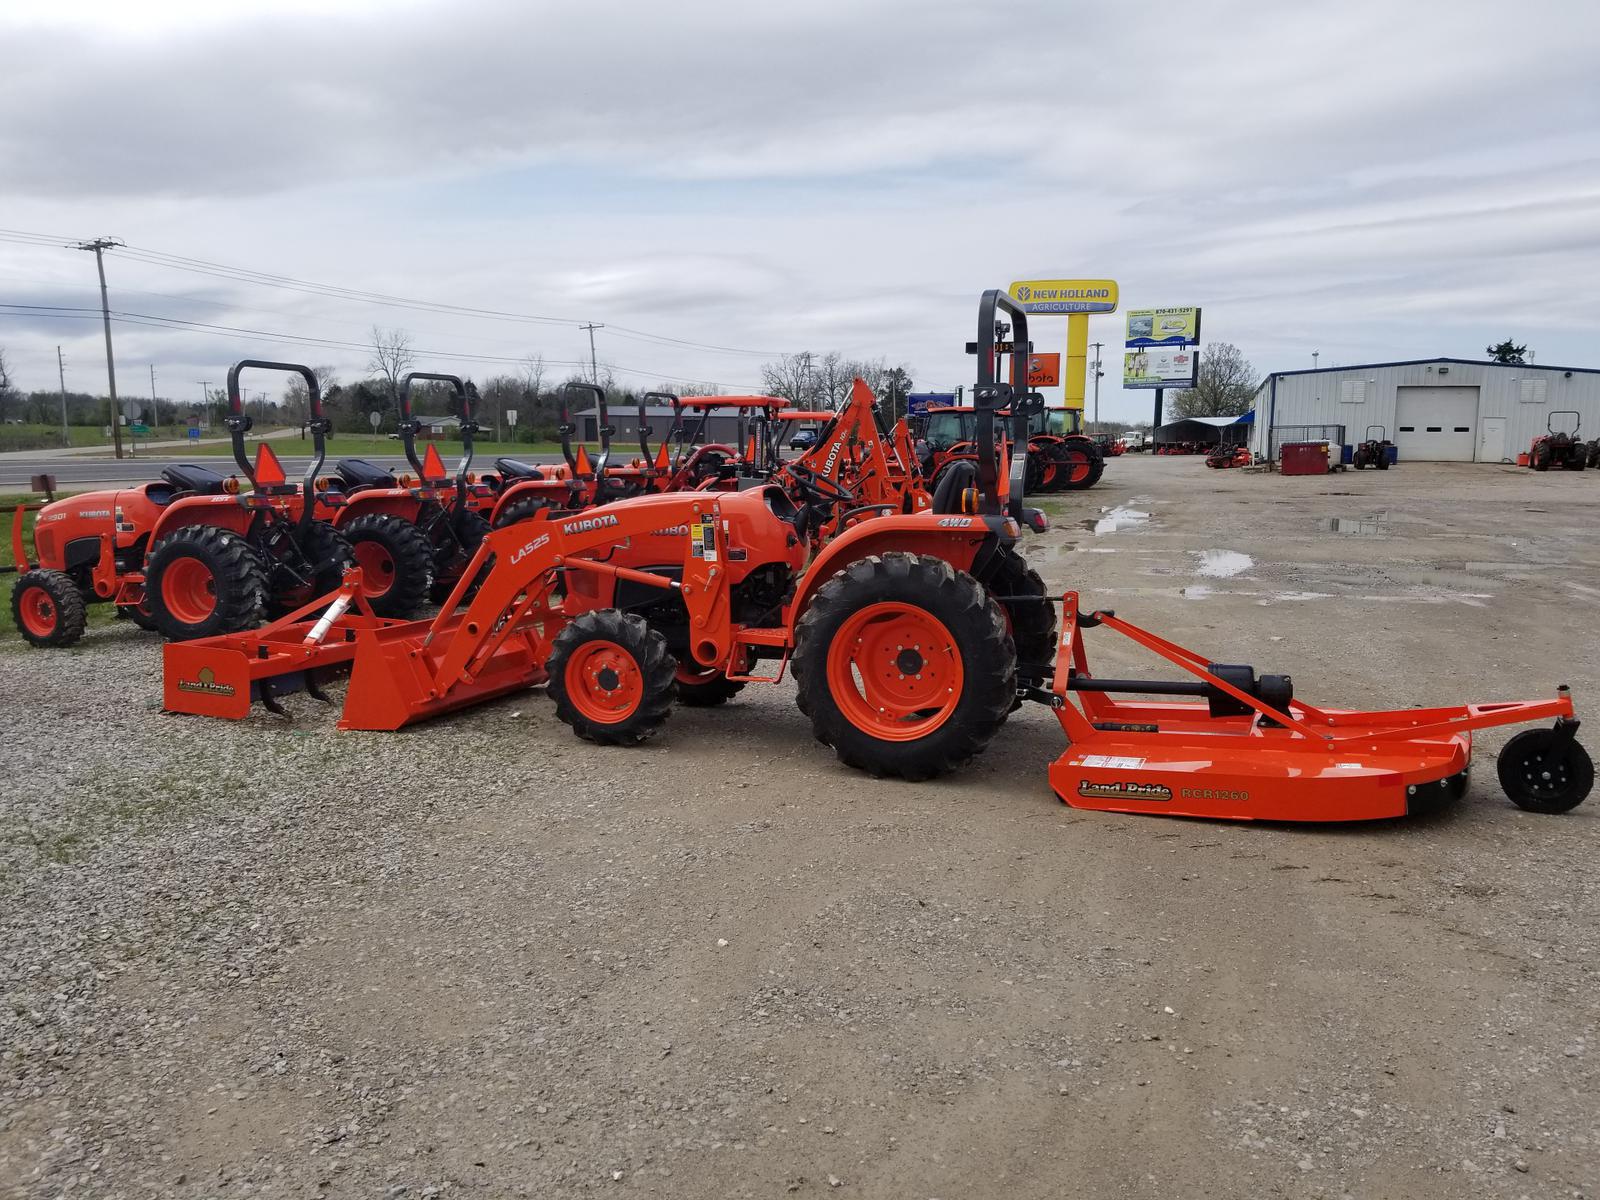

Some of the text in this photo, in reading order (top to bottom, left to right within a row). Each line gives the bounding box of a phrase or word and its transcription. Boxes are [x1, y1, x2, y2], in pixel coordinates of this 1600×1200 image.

[1033, 289, 1109, 299] NEW HOLLAND
[1032, 303, 1091, 311] AGRICULTURE
[79, 510, 111, 518] KUBOTA
[563, 514, 619, 536] KUBOTA
[937, 518, 972, 527] 4WD
[650, 524, 689, 536] KUBO
[510, 533, 550, 565] LA525
[1080, 780, 1170, 796] Land Pride
[1181, 788, 1249, 801] RCR1260
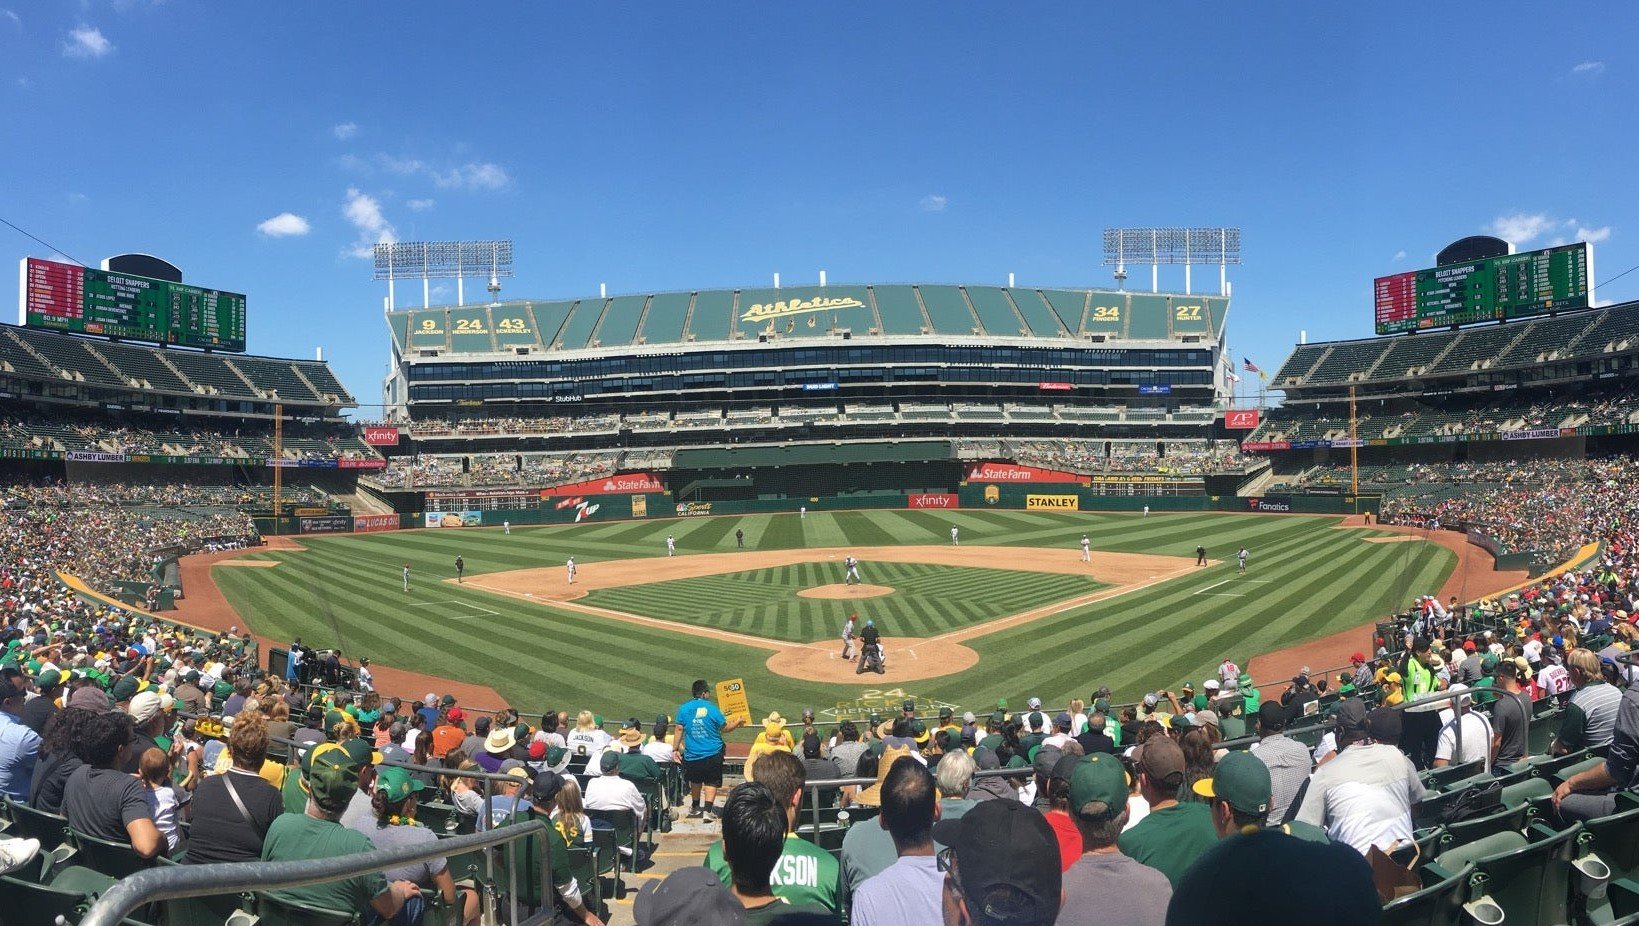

Exercise requirements | Take the preceding listing and transcribe it exactly, skipping the pictures.

Result |
Some of the text in this photo, in reading order (top to bottom, left to right within a row). Each line gives the bounding box of a phrase or word and its transcription. Boxes are [x1, y1, x2, y2], in pixel coordinates of this 1600×1200 image.

[1033, 289, 1109, 299] NEW HOLLAND
[1032, 303, 1091, 311] AGRICULTURE
[79, 510, 111, 518] KUBOTA
[563, 514, 619, 536] KUBOTA
[937, 518, 972, 527] 4WD
[650, 524, 689, 536] KUBO
[510, 533, 550, 565] LA525
[1080, 780, 1170, 796] Land Pride
[1181, 788, 1249, 801] RCR1260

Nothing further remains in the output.